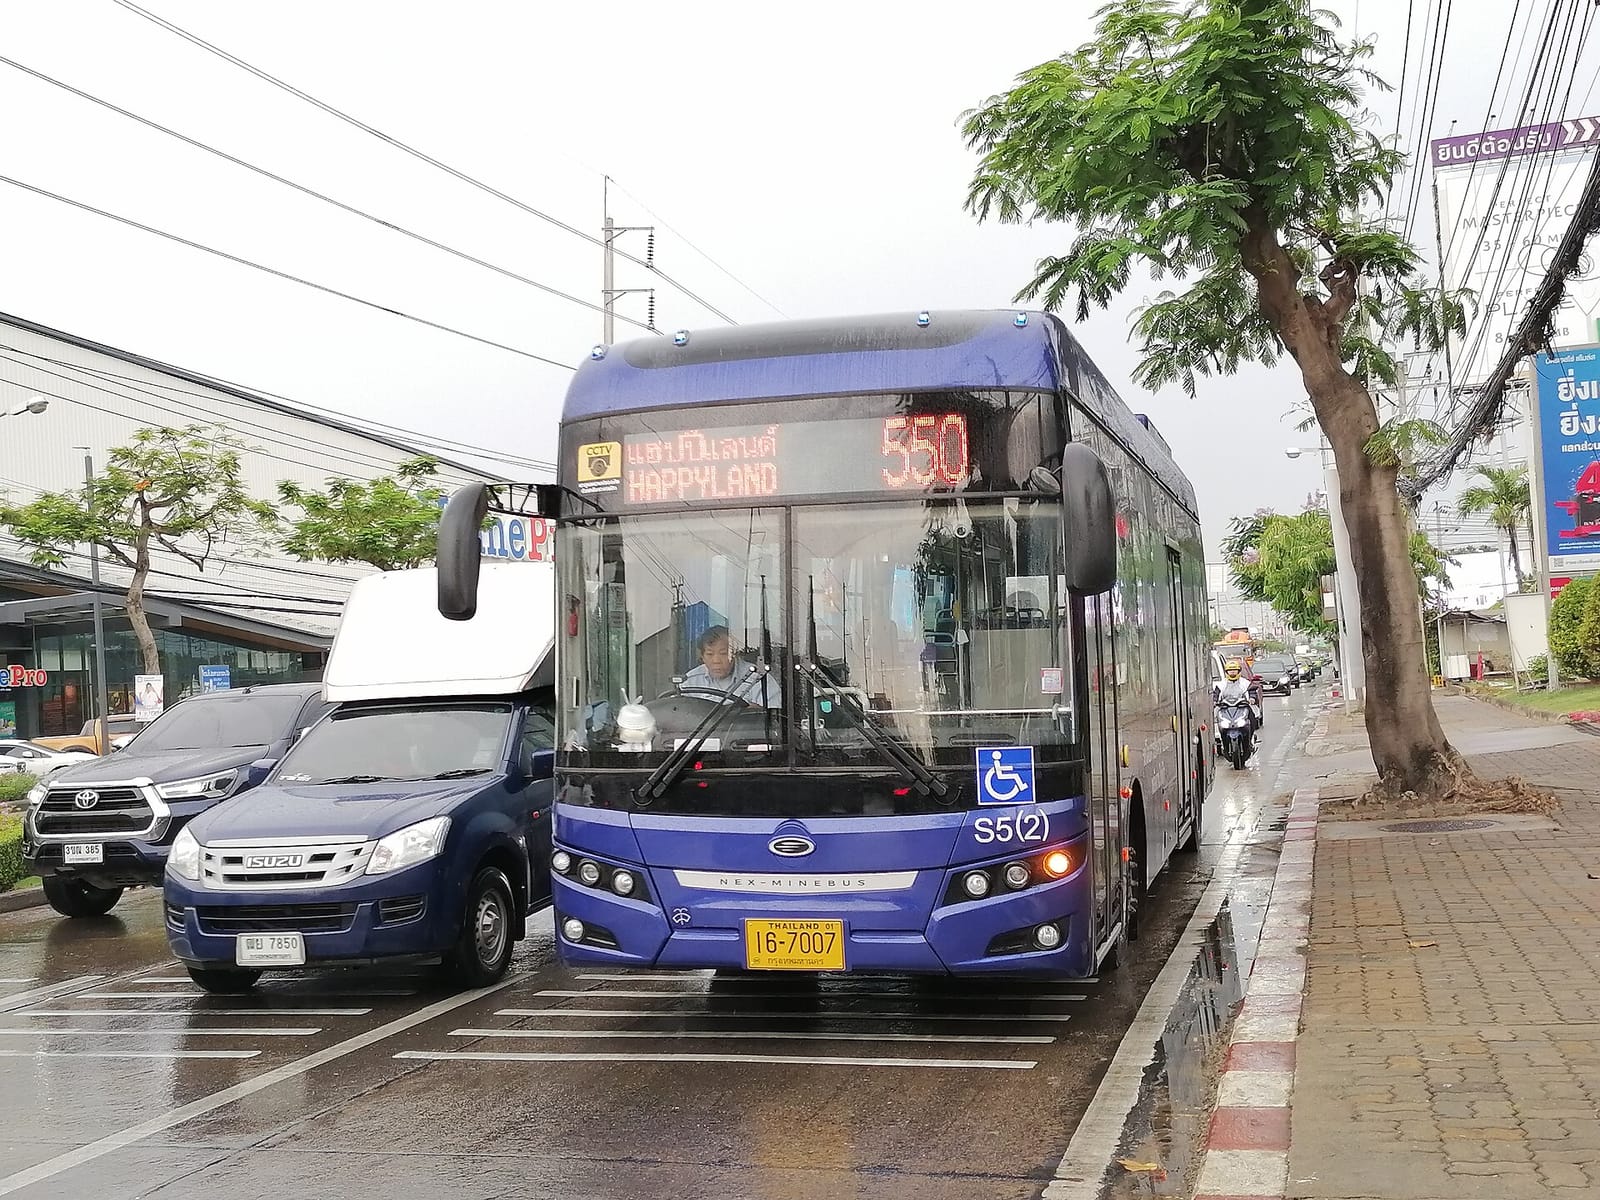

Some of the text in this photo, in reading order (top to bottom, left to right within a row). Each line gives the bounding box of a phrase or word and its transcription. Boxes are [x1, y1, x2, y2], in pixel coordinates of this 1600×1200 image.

[1438, 130, 1551, 161] ยินดีต้อนรับ
[586, 445, 612, 456] CCTV
[628, 424, 780, 464] แฮปปี้แลนด์
[882, 414, 969, 487] 550
[629, 462, 778, 501] HAPPYLAND
[974, 808, 1050, 844] S5(2)
[246, 855, 303, 868] ISUZU
[720, 878, 866, 887] NEX-MINEBUS
[768, 922, 819, 930] THAILAND
[269, 937, 298, 950] 7850
[757, 931, 836, 954] 16-7007

##########

Required action>
Return each entry exactly as given. Leave the images out.

Answer for the task>
Some of the text in this photo, in reading order (top to bottom, left to right within a row). Each line gives the bounding box of a phrase or word and its transcription. Boxes are [x1, y1, x2, y2], in pixel coordinates of this 1600×1200 image.

[1438, 130, 1551, 161] ยินดีต้อนรับ
[586, 445, 612, 456] CCTV
[628, 424, 780, 464] แฮปปี้แลนด์
[882, 414, 969, 487] 550
[629, 462, 778, 501] HAPPYLAND
[974, 808, 1050, 844] S5(2)
[246, 855, 303, 868] ISUZU
[720, 878, 866, 887] NEX-MINEBUS
[768, 922, 819, 930] THAILAND
[269, 937, 298, 950] 7850
[757, 931, 836, 954] 16-7007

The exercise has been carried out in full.